======== Data provided ========
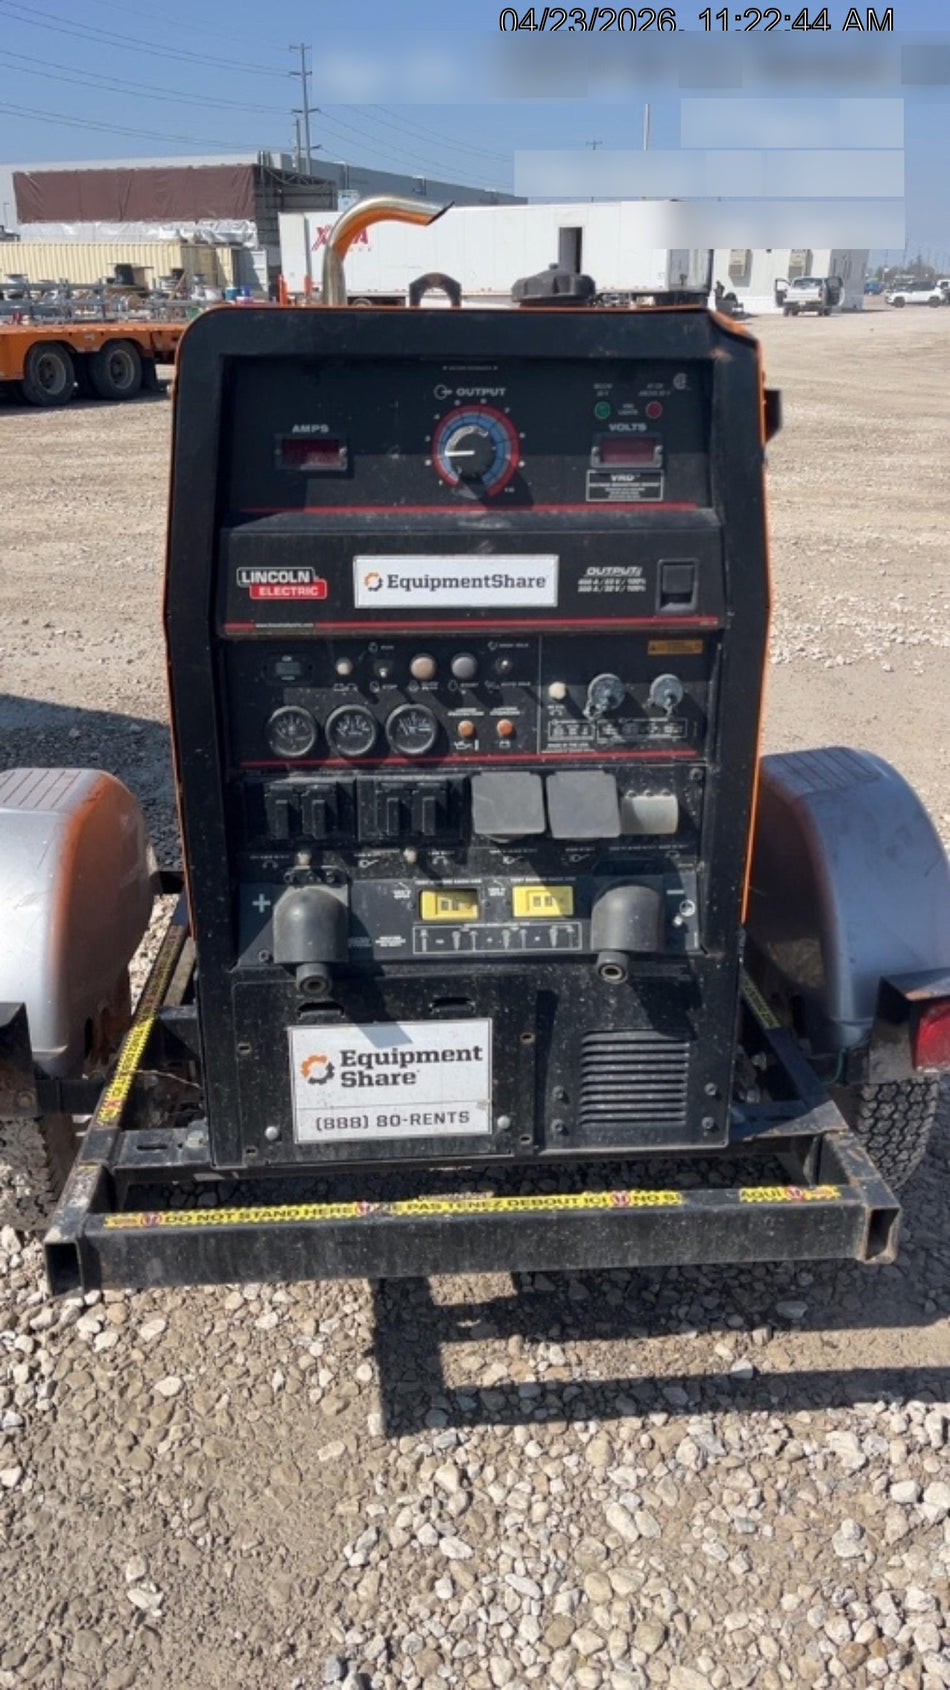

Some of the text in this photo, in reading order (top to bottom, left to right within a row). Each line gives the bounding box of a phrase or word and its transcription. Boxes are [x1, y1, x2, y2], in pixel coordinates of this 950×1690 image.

[456, 387, 506, 397] OUTPUT
[292, 424, 330, 434] AMPS
[608, 422, 647, 433] VOLTS
[241, 570, 311, 584] LINCOLN
[387, 573, 547, 590] EquipmentShare
[258, 586, 319, 597] ELECTRIC
[340, 1046, 484, 1069] Equipment
[341, 1070, 417, 1088] Share
[316, 1111, 470, 1131] (888) 80-RENTS
[507, 1198, 579, 1206] DEBOUT
[165, 1206, 352, 1223] DO NOT STAND HERE
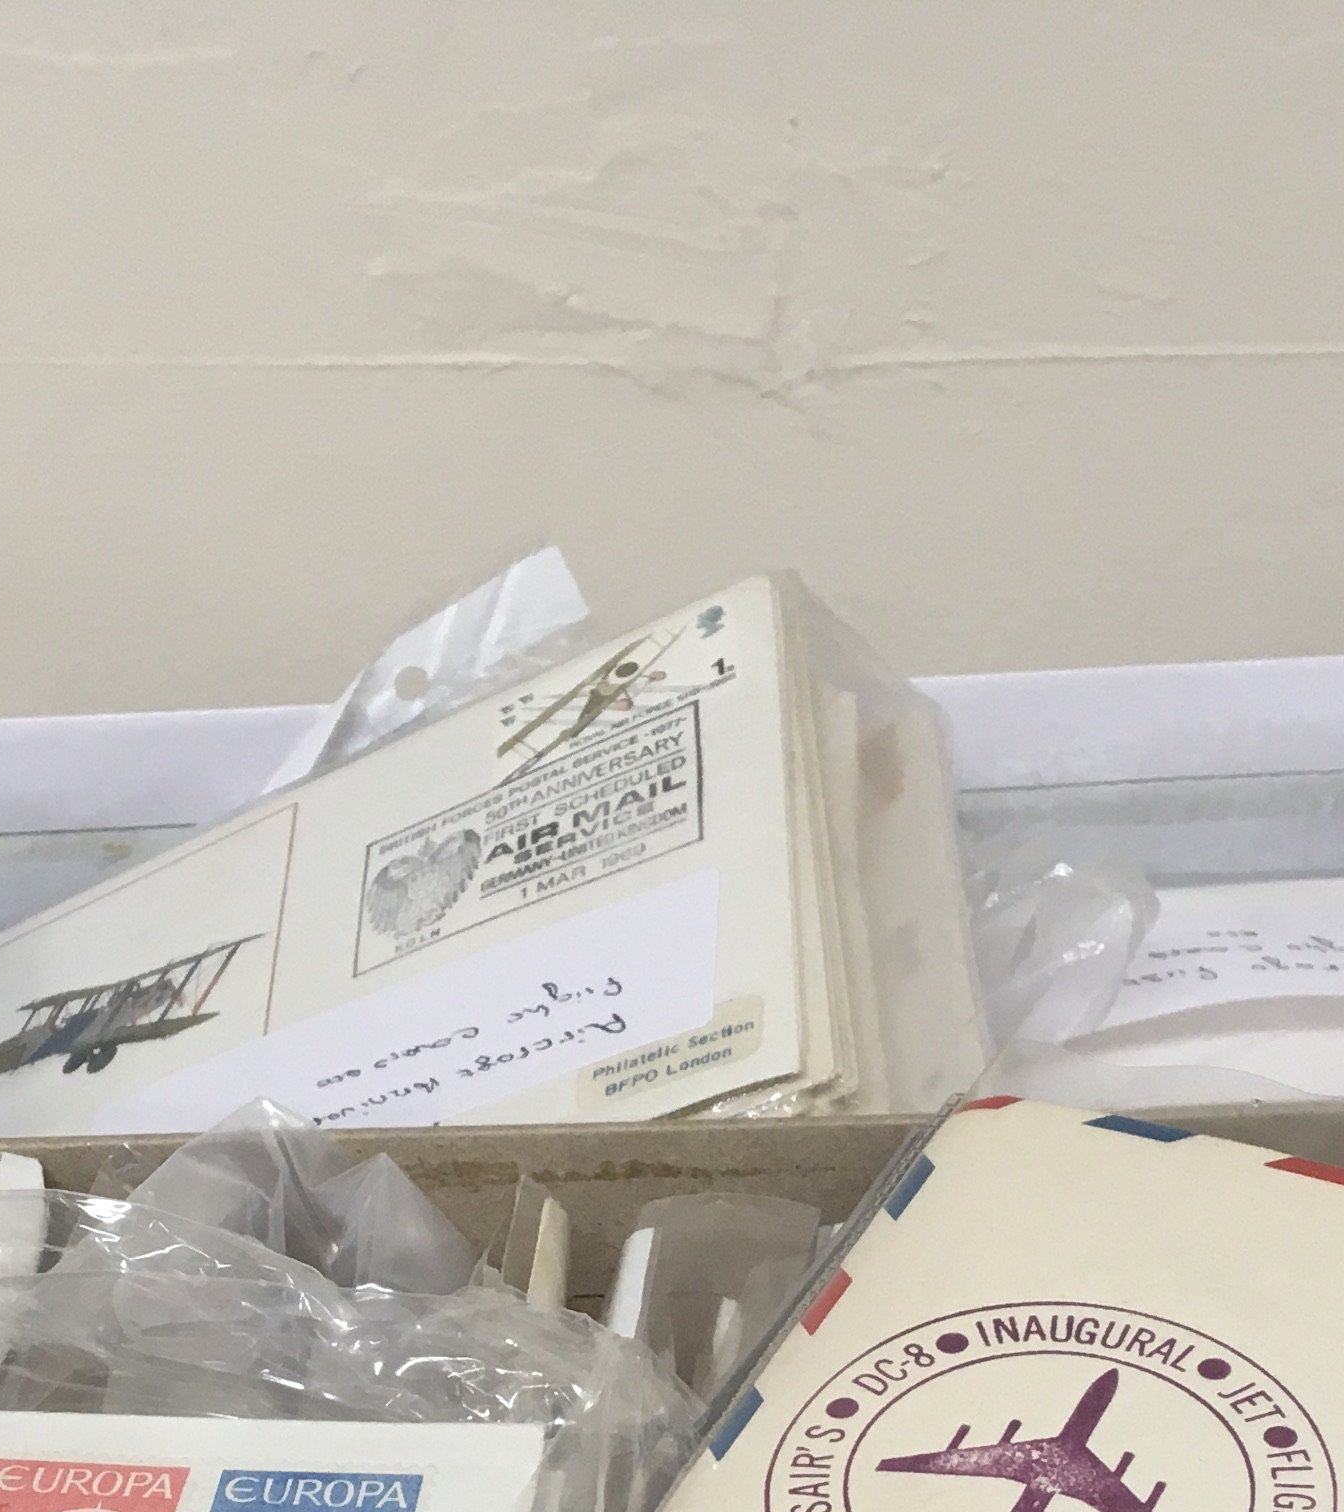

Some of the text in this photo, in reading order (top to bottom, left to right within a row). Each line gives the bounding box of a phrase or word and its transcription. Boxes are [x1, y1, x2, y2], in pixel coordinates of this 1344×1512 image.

[441, 793, 504, 829] FORCES
[507, 766, 567, 800] POSTAL
[572, 735, 640, 769] SERVICE
[484, 755, 687, 845] FIRST SCHEDULED
[532, 732, 685, 806] ANNIVERSARY
[483, 776, 687, 864] AIR MAIL
[513, 802, 655, 865] SERVICE
[536, 864, 587, 895] MAR
[592, 1043, 681, 1081] Philatelic
[605, 1046, 733, 1098] BFPO London
[852, 1342, 936, 1396] DC-8
[976, 1314, 1201, 1373] INAUGURAL
[1217, 1381, 1286, 1424] JET
[224, 1476, 409, 1510] EUROPA
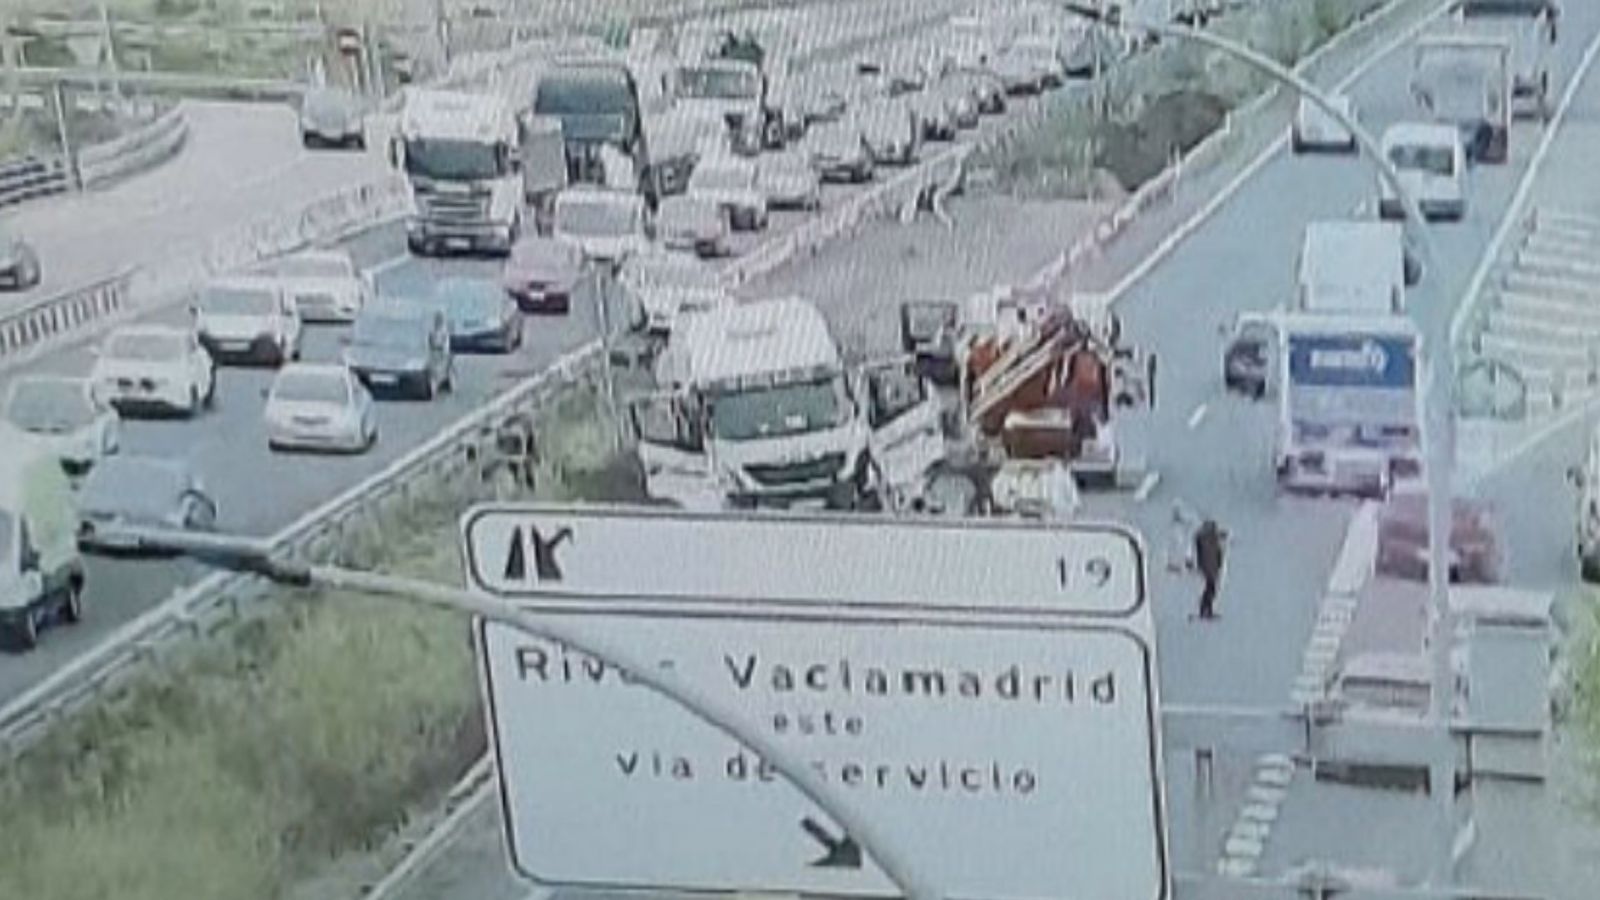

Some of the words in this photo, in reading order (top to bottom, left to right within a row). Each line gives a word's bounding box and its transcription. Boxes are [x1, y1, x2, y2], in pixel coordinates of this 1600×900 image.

[1056, 556, 1112, 589] 19
[515, 646, 676, 683] Riv
[723, 653, 1117, 704] Vaciamadrid
[772, 710, 864, 735] este
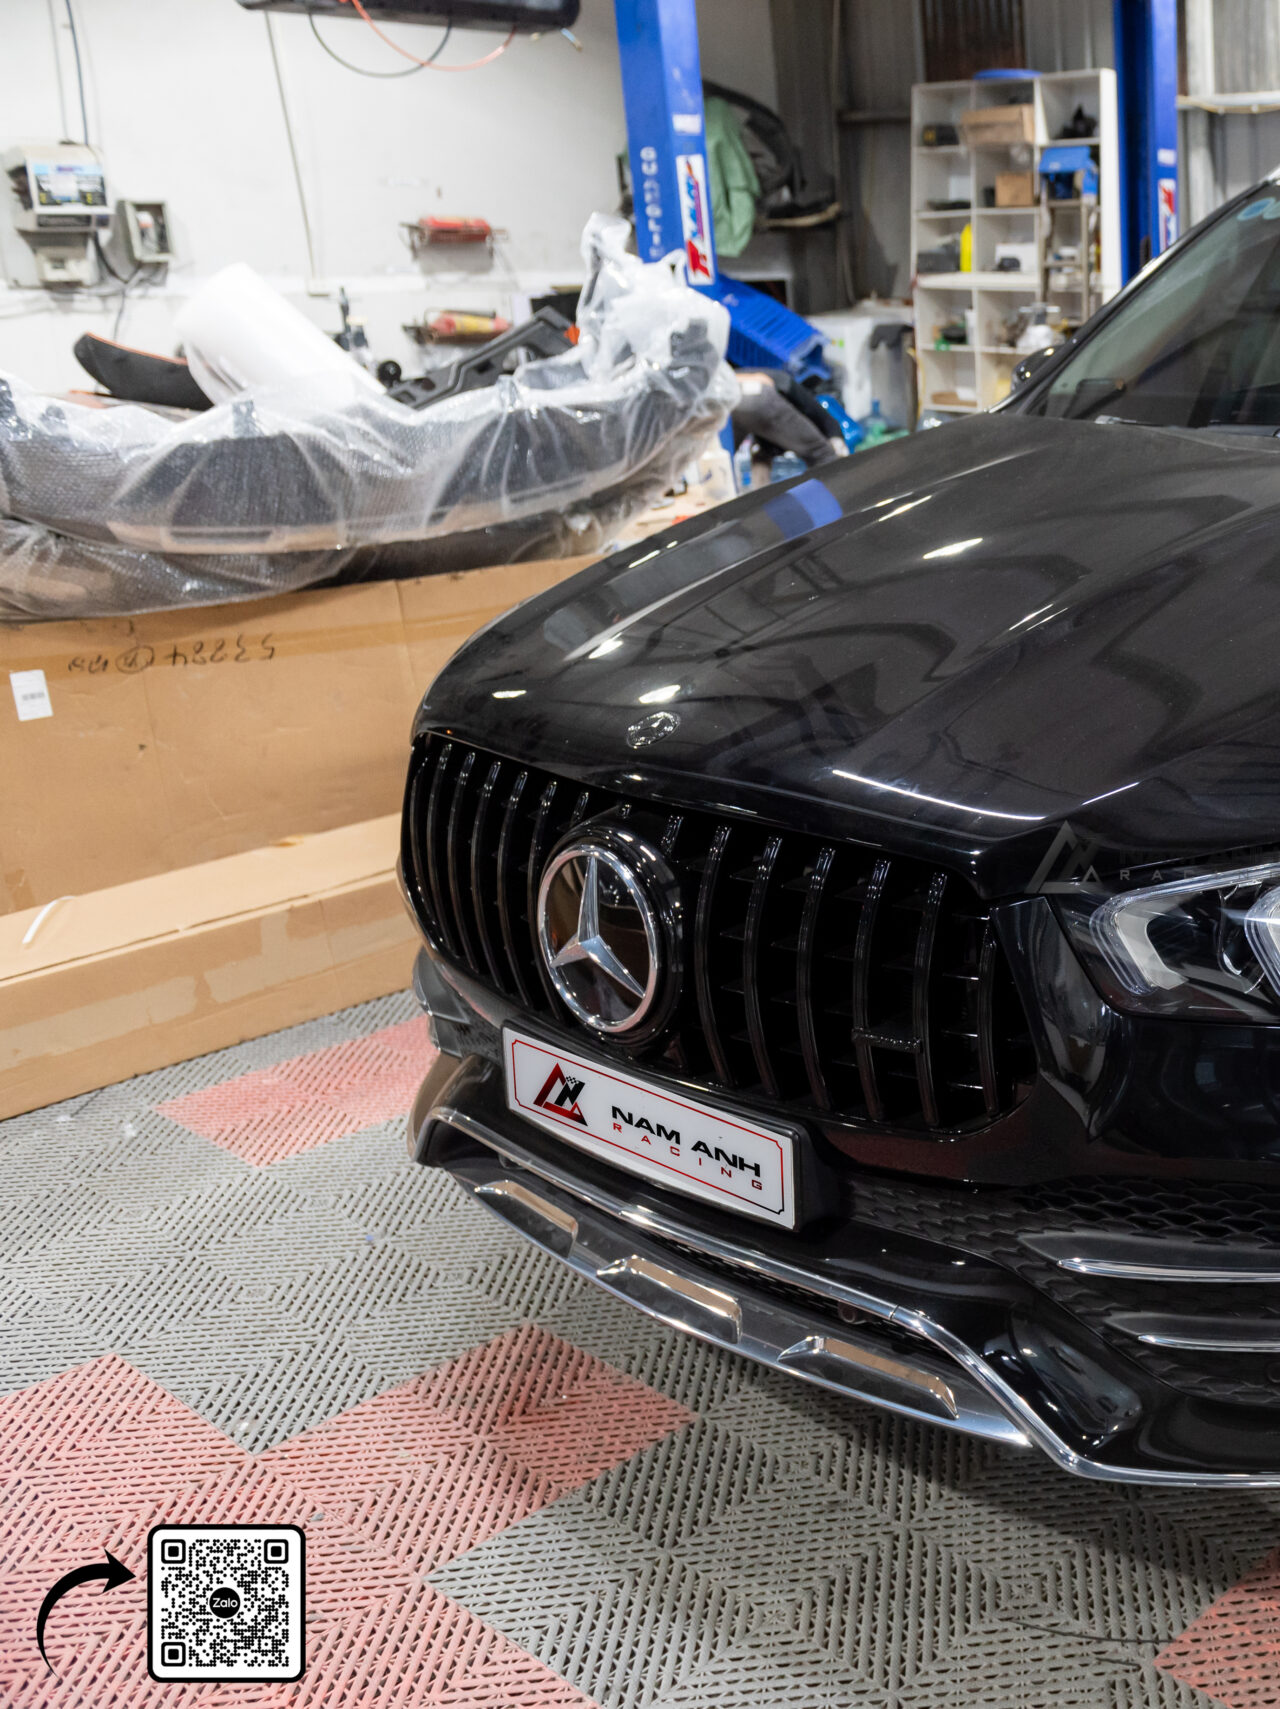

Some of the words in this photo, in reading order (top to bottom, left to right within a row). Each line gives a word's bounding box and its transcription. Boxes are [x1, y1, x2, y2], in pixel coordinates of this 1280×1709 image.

[611, 1105, 681, 1145] NAM
[691, 1140, 761, 1178] ANH
[612, 1122, 763, 1191] RACING
========
Transcription of the lines from the one with "this 1344×1512 image." through the end of the entries is required, exact and with no pictures.

Some of the text in this photo, in reading order (top to bottom, left to right within a row). Each line gives the bounding box of a phrase or word and its transcription. Boxes are [x1, y1, x2, y2], in pixel coordinates of this 1344×1512 image.

[441, 793, 504, 829] FORCES
[507, 766, 567, 800] POSTAL
[572, 735, 640, 769] SERVICE
[484, 755, 687, 845] FIRST SCHEDULED
[532, 732, 685, 806] ANNIVERSARY
[483, 776, 687, 864] AIR MAIL
[513, 802, 655, 865] SERVICE
[536, 864, 587, 895] MAR
[592, 1043, 681, 1081] Philatelic
[605, 1046, 733, 1098] BFPO London
[852, 1342, 936, 1396] DC-8
[976, 1314, 1201, 1373] INAUGURAL
[1217, 1381, 1286, 1424] JET
[224, 1476, 409, 1510] EUROPA

Some of the words in this photo, in reading order (top to bottom, left to right within a row). Each line gives a word's bounding box and its transcription. Boxes are [x1, y1, x2, y2], in pixel coordinates of this 1600×900 image.

[1056, 556, 1112, 589] 19
[515, 646, 676, 683] Riv
[723, 653, 1117, 704] Vaciamadrid
[772, 710, 864, 735] este

Some of the words in this photo, in reading order (top to bottom, left to right within a row). Each line gives a word's bounding box and its transcription. Boxes are [x1, y1, x2, y2], in pixel coordinates of this 1280×1709 image.

[611, 1105, 681, 1145] NAM
[691, 1140, 761, 1178] ANH
[612, 1122, 763, 1191] RACING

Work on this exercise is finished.